Sunday, 25 July 2010

A Stroke of Genius vols. II and III

Well, no postings for a couple of weeks, then two in two days!  Oh Matthew, you are truly spoiling us.




Well, the real reason is that I am filling time while my hair clippers charge up.  I had a very age inappropriate haircut yesterday in a moment of madness (actually, a moment of greater than usual level of madness).  What seemed like an 'edgy' thing to do yesterday has transformed this morning into the realisation that I look like an utter cock.  And I don't hang with the Hoxton wankers anymore.

I'll just give you a few moments to compose yourself



......have you stopped yet?........



....no really, stop now.....




.....OH JUST FUCK OFF AND SHUT THE FUCK UP - AT LEAST I DON'T GET MY HAIR CUT AT FUCKING SUPERCUTS.........


......and calm, safe place, calm, in with love, safe place, happy place....

And we're back in the room - apologies, my medication obviously hasn't fully kicked in this morning.

Back to the blog.  Frequent readers of Grumpy Old Gay will know that I have reprised my rehab diary from my brush with death ten years ago.  If you haven't read the first instalment (why not?) this will make ABSOLUTELY no sense, so I suggest that you have a look for the first Stroke of Genius post in June.

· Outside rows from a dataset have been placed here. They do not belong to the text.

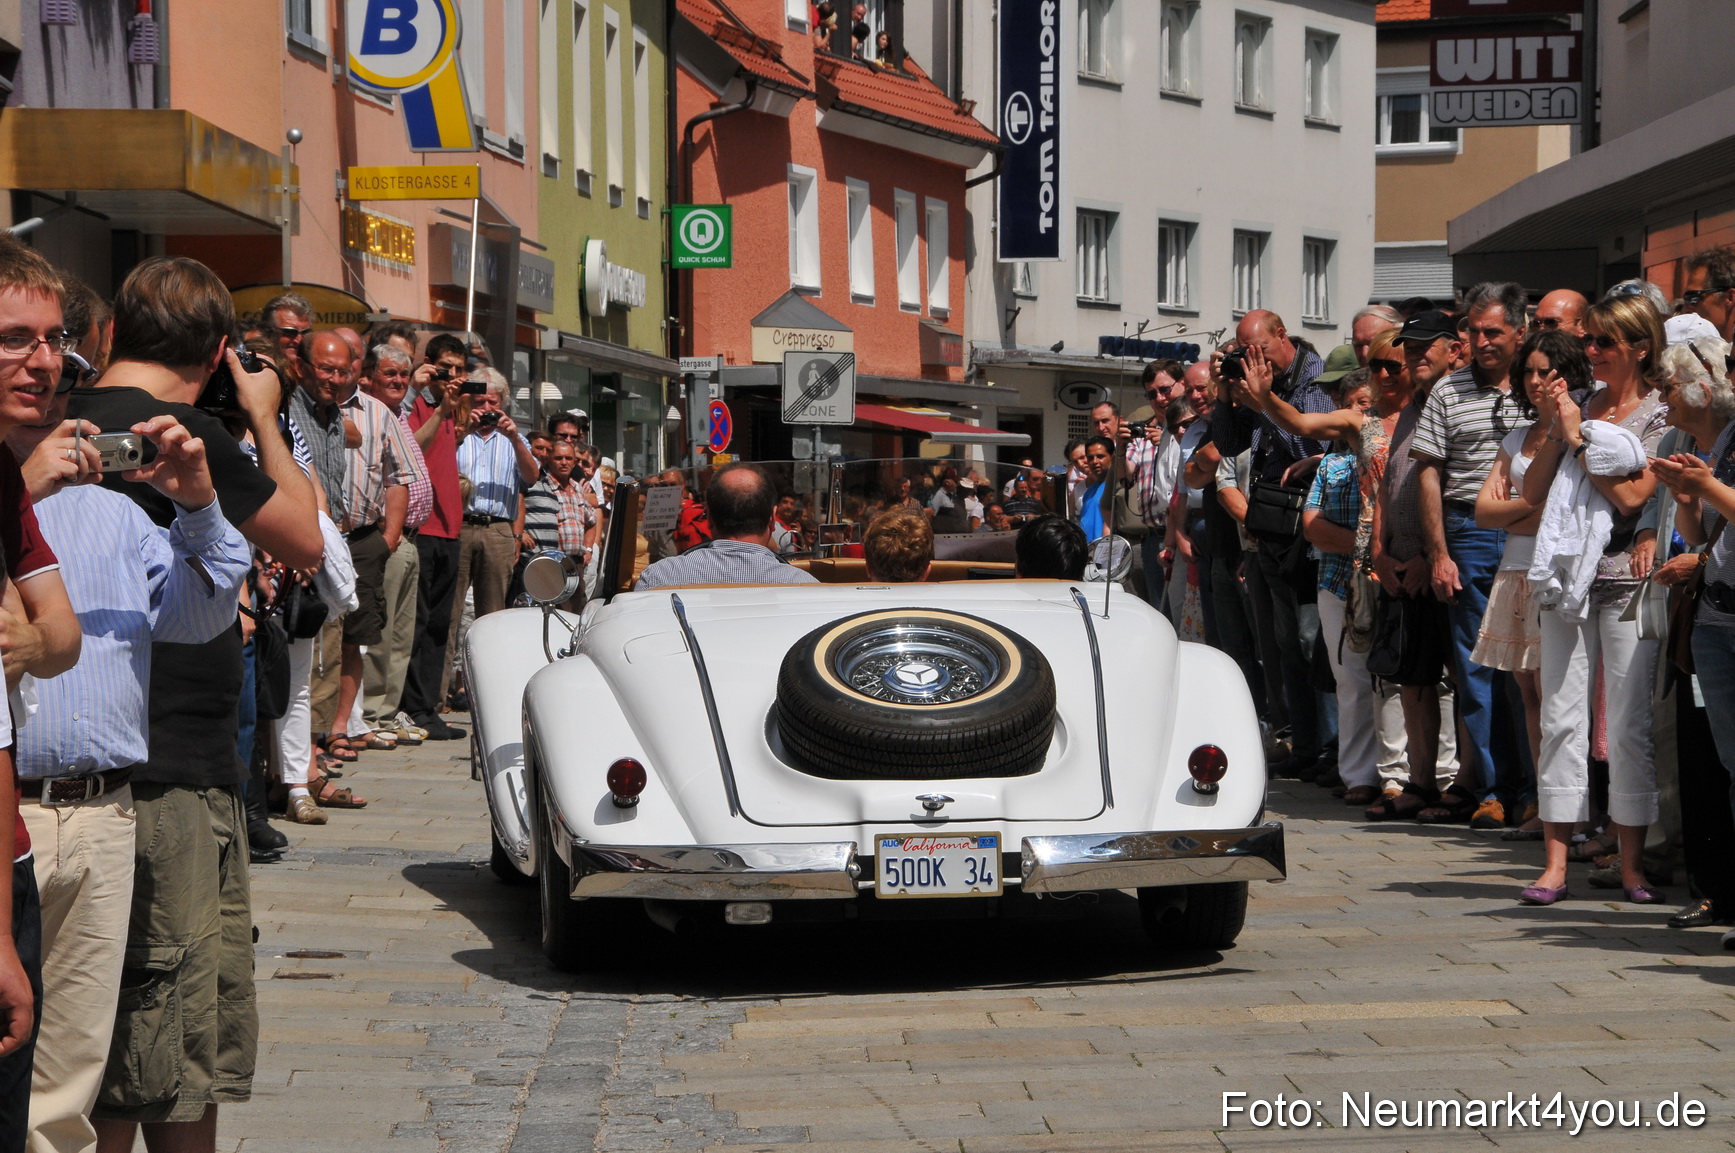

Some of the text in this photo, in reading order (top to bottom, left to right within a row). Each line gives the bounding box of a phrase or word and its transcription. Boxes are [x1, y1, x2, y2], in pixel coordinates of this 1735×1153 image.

[360, 0, 418, 55] B
[1437, 35, 1576, 82] WITT
[1039, 0, 1056, 234] TOM TAILOR
[1434, 86, 1577, 123] WEIDEN
[355, 175, 471, 190] KLOSTERGASSE 4
[690, 218, 714, 245] Q
[678, 256, 700, 264] QUICK
[773, 329, 835, 350] Creppresso
[801, 405, 836, 417] ZONE
[882, 839, 899, 848] AUG
[903, 837, 971, 855] California
[886, 857, 993, 887] 500K 34
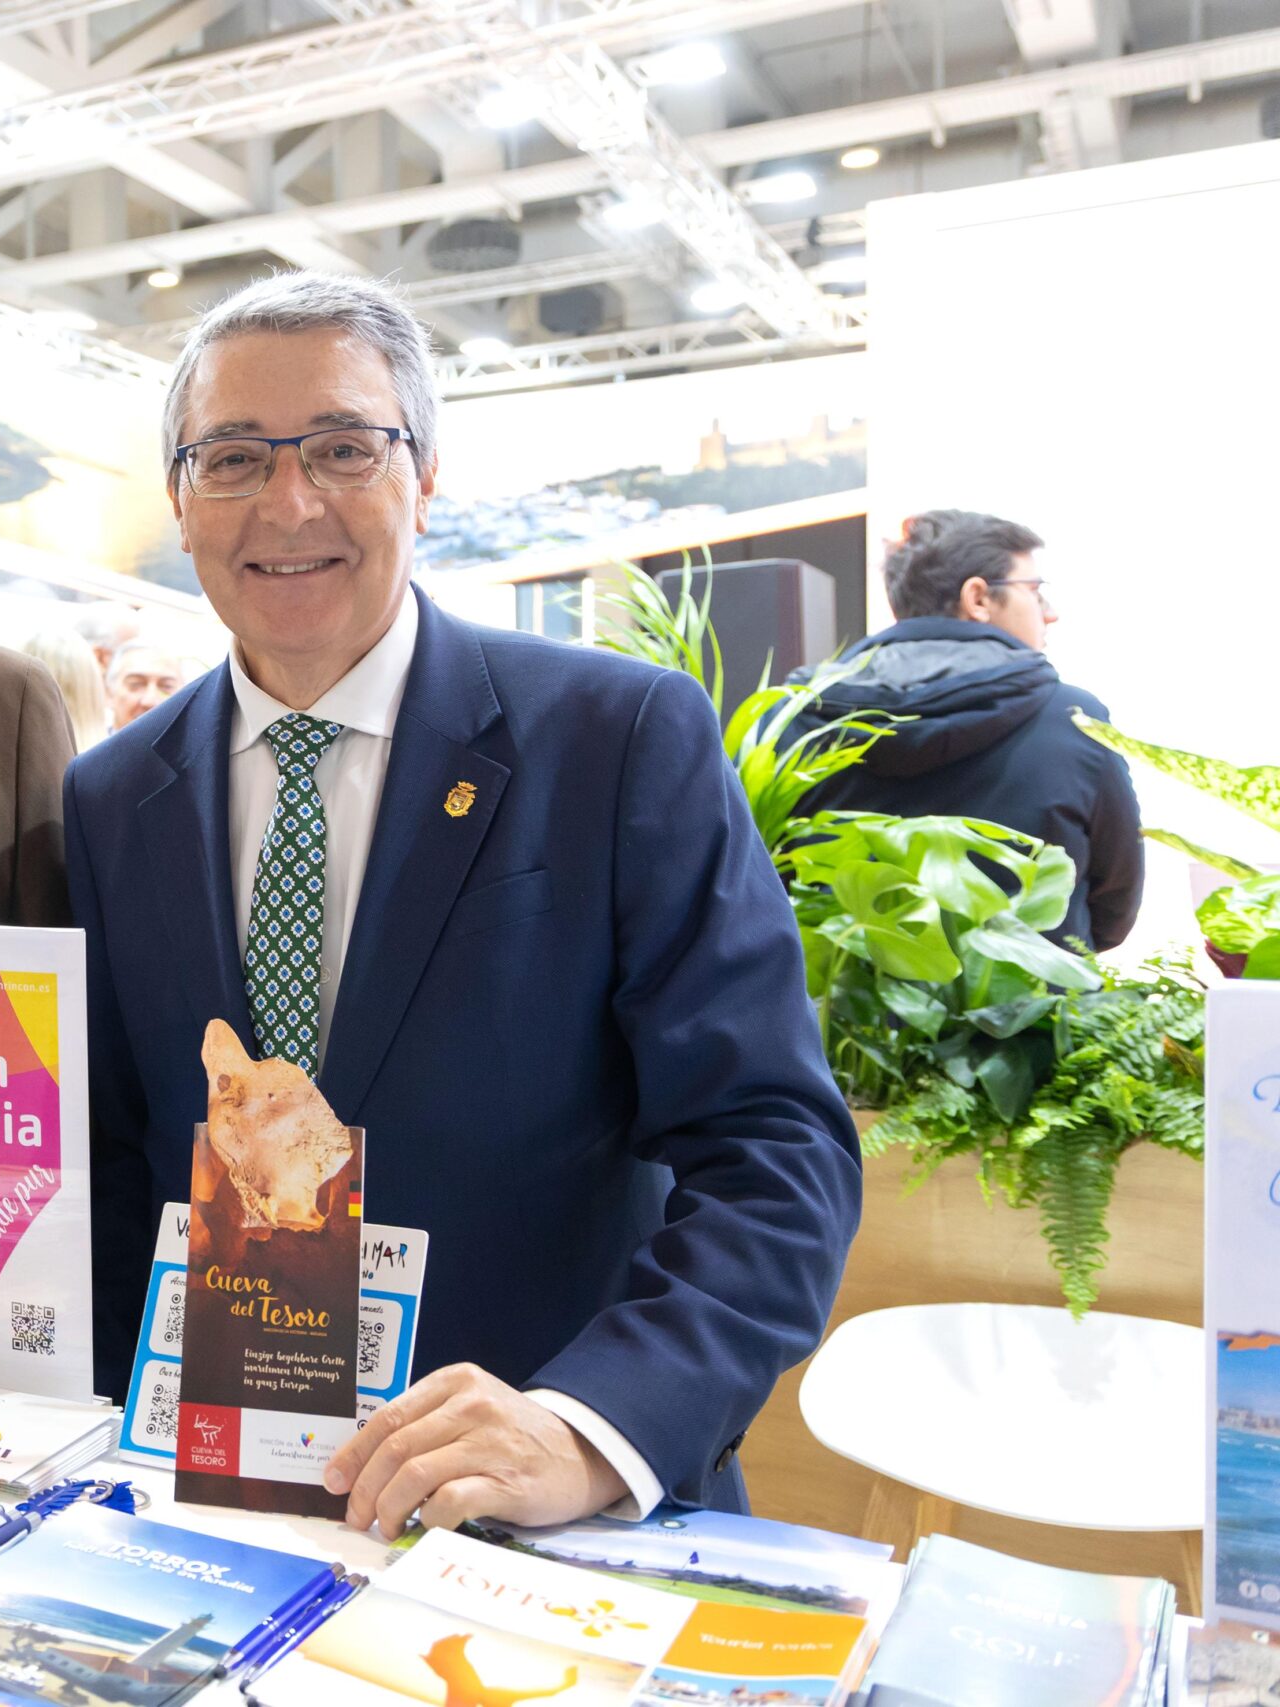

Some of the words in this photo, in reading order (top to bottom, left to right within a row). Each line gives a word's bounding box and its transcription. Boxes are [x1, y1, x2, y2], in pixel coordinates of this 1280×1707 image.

[13, 1164, 55, 1217] pur
[205, 1264, 273, 1294] Cueva
[230, 1299, 256, 1318] del
[257, 1296, 331, 1329] Tesoro
[244, 1347, 274, 1363] Einzige
[243, 1376, 253, 1387] in
[255, 1379, 278, 1391] ganz
[190, 1445, 213, 1455] CUEVA
[213, 1448, 226, 1457] DEL
[191, 1455, 227, 1468] TESORO
[109, 1541, 232, 1579] TORROX
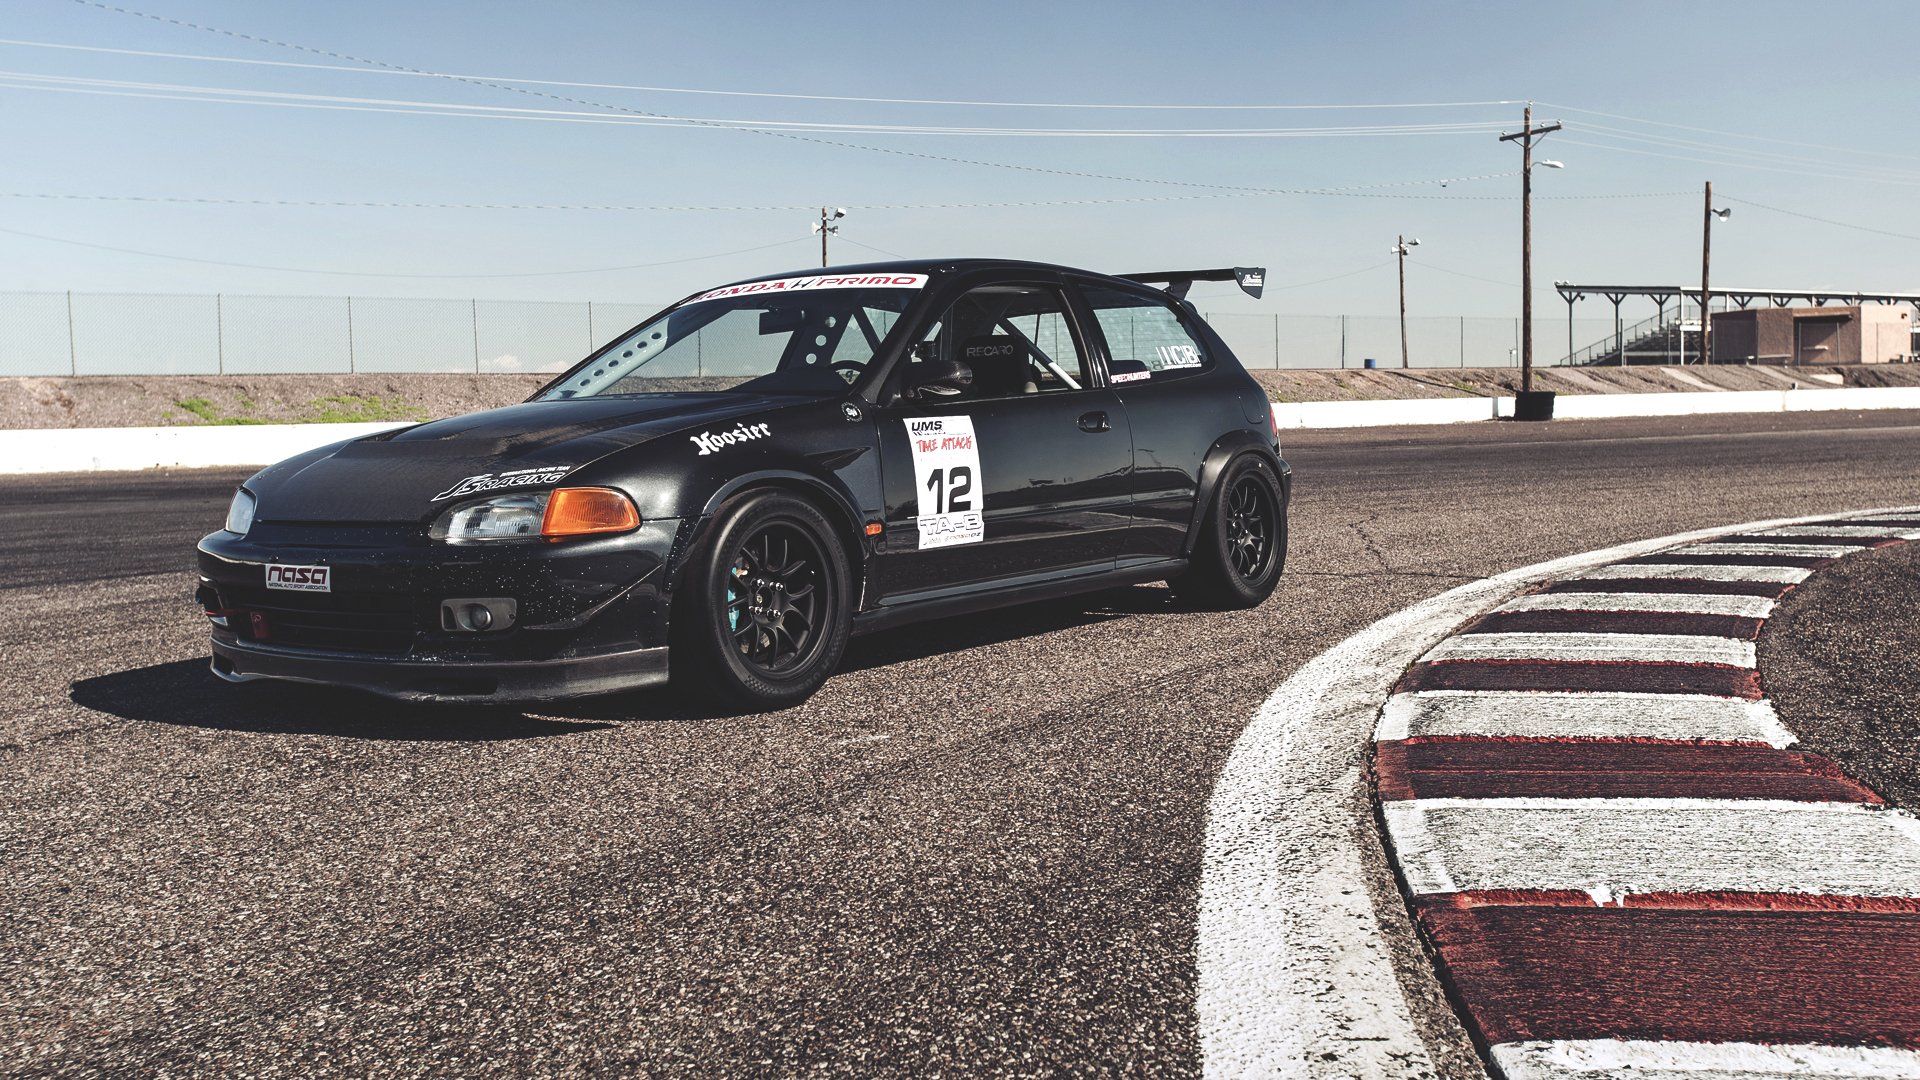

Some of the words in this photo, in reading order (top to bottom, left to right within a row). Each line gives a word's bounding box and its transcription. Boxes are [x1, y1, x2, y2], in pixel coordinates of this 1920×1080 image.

[816, 276, 917, 287] PRIMO
[966, 344, 1014, 358] RECARO
[911, 421, 943, 432] UMS
[690, 422, 771, 456] Hoosier
[916, 438, 938, 453] TIME
[941, 435, 972, 451] ATTACK
[926, 466, 972, 514] 12
[919, 513, 983, 536] TA-B
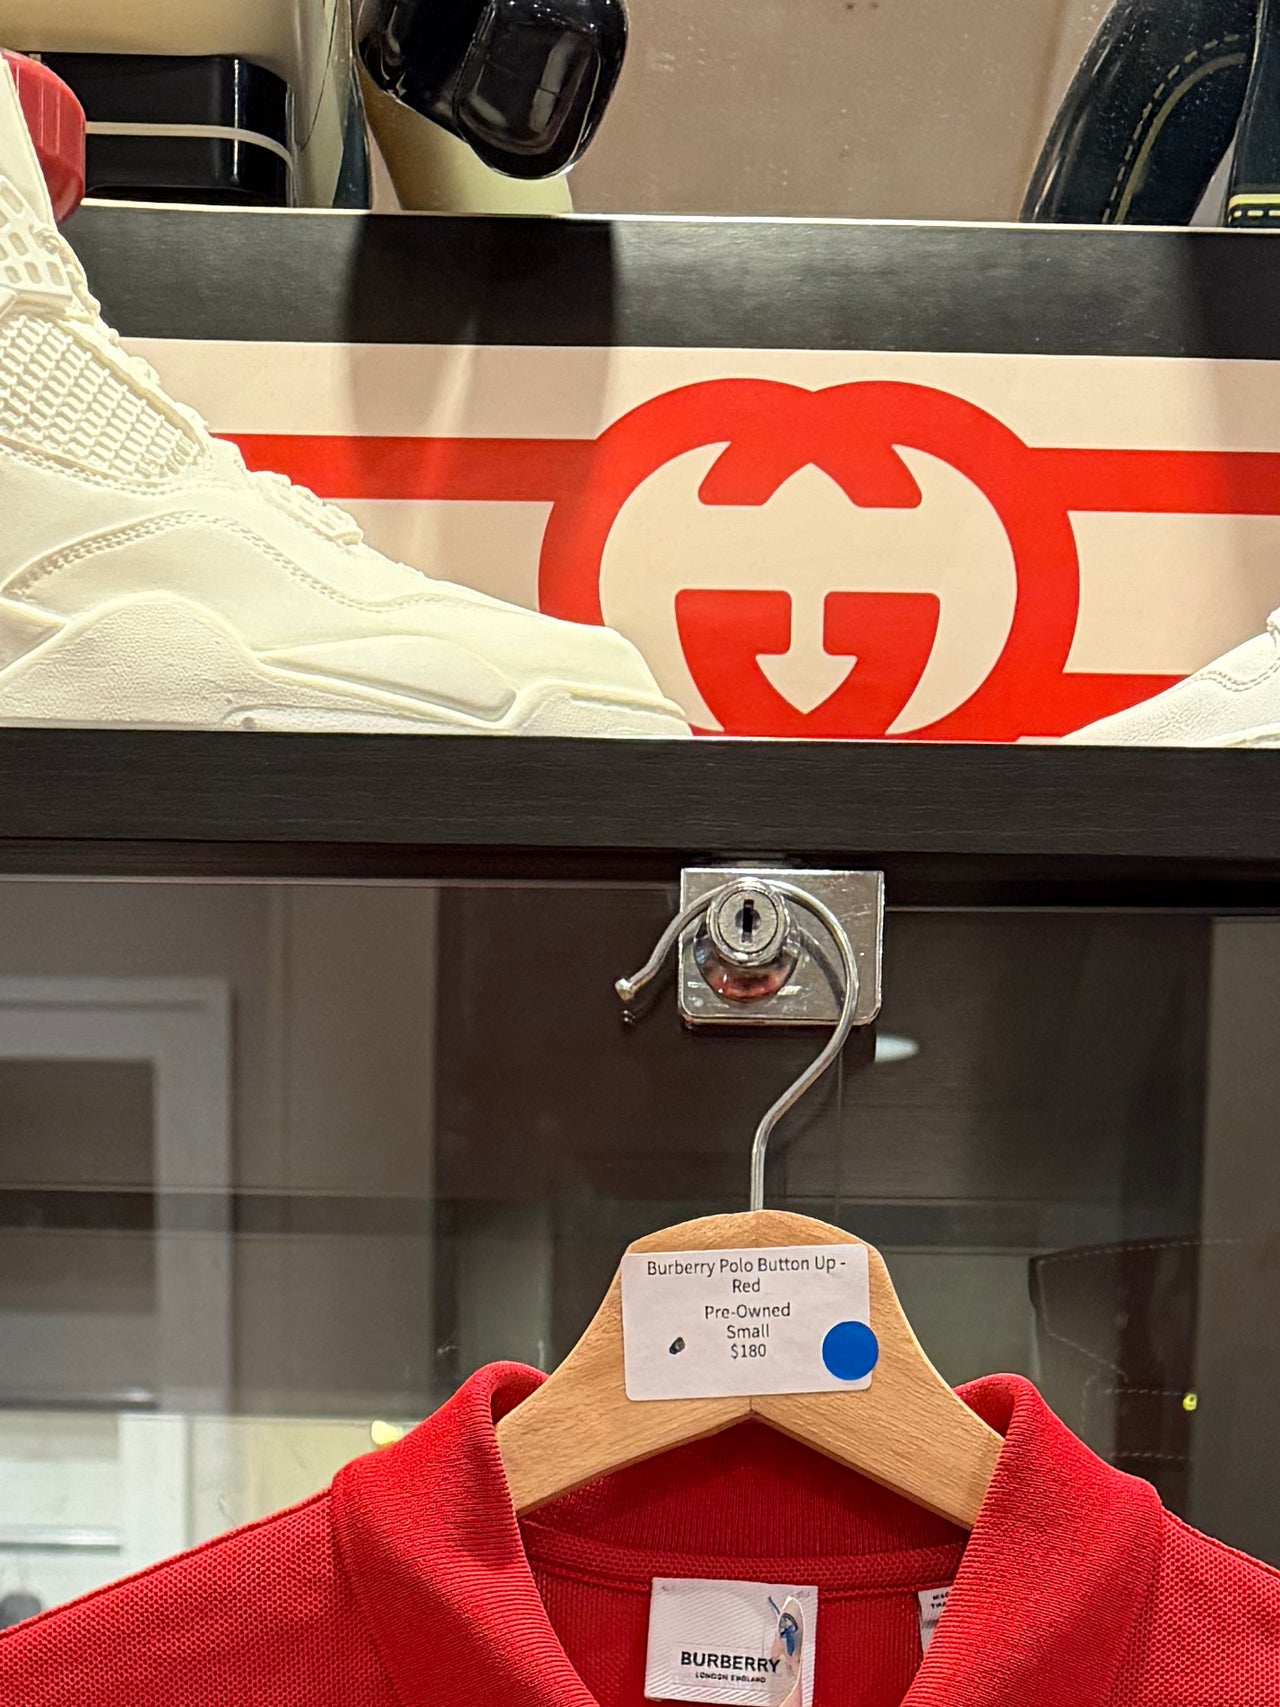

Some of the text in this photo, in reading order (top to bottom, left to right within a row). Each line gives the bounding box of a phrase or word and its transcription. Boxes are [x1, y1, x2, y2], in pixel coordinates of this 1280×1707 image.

Thursday 22nd February 2001; calories - loads; thoughts about sex - even more; spots - 0; perplexed neighbours - 2

Thought I'd better rattle off a quick missive before my trip on Monday to Gran Canaria (or 'Manworld' as my friend Laura has christened it - sounds like a kinky theme park; actually not that far from the truth).  Looking forward to a week of sun, and lots of falling over at opportune moments.  Doctors have advised me to wear my lovely support stockings on the plane, so bang goes my towelling crop top/hotpant combo.

Physio took me to the swimming baths for the first time yesterday.  Hadn't realised that it is half-term, so place was packed with screaming kids, as physio commented "I've never felt so unbroody in my life".  Didn't realise that 11 year old boys were capable of "givin' her one" - did they mean their Top Trump collection or am I just getting old?

Talking of age, don't forget it's my 30th in May - I expect it will be classified a public holiday (not that far removed from the Queen's birthday).  Perhaps Fanta could sponsor the party - of course no mixing of esteemed beverage with vodka, would hate to dilute brand equity (Jesus, I'm slipping back into marketing nonsense).  Am thinking of low key affair, with just a few dancing boys and maybe a small funfair.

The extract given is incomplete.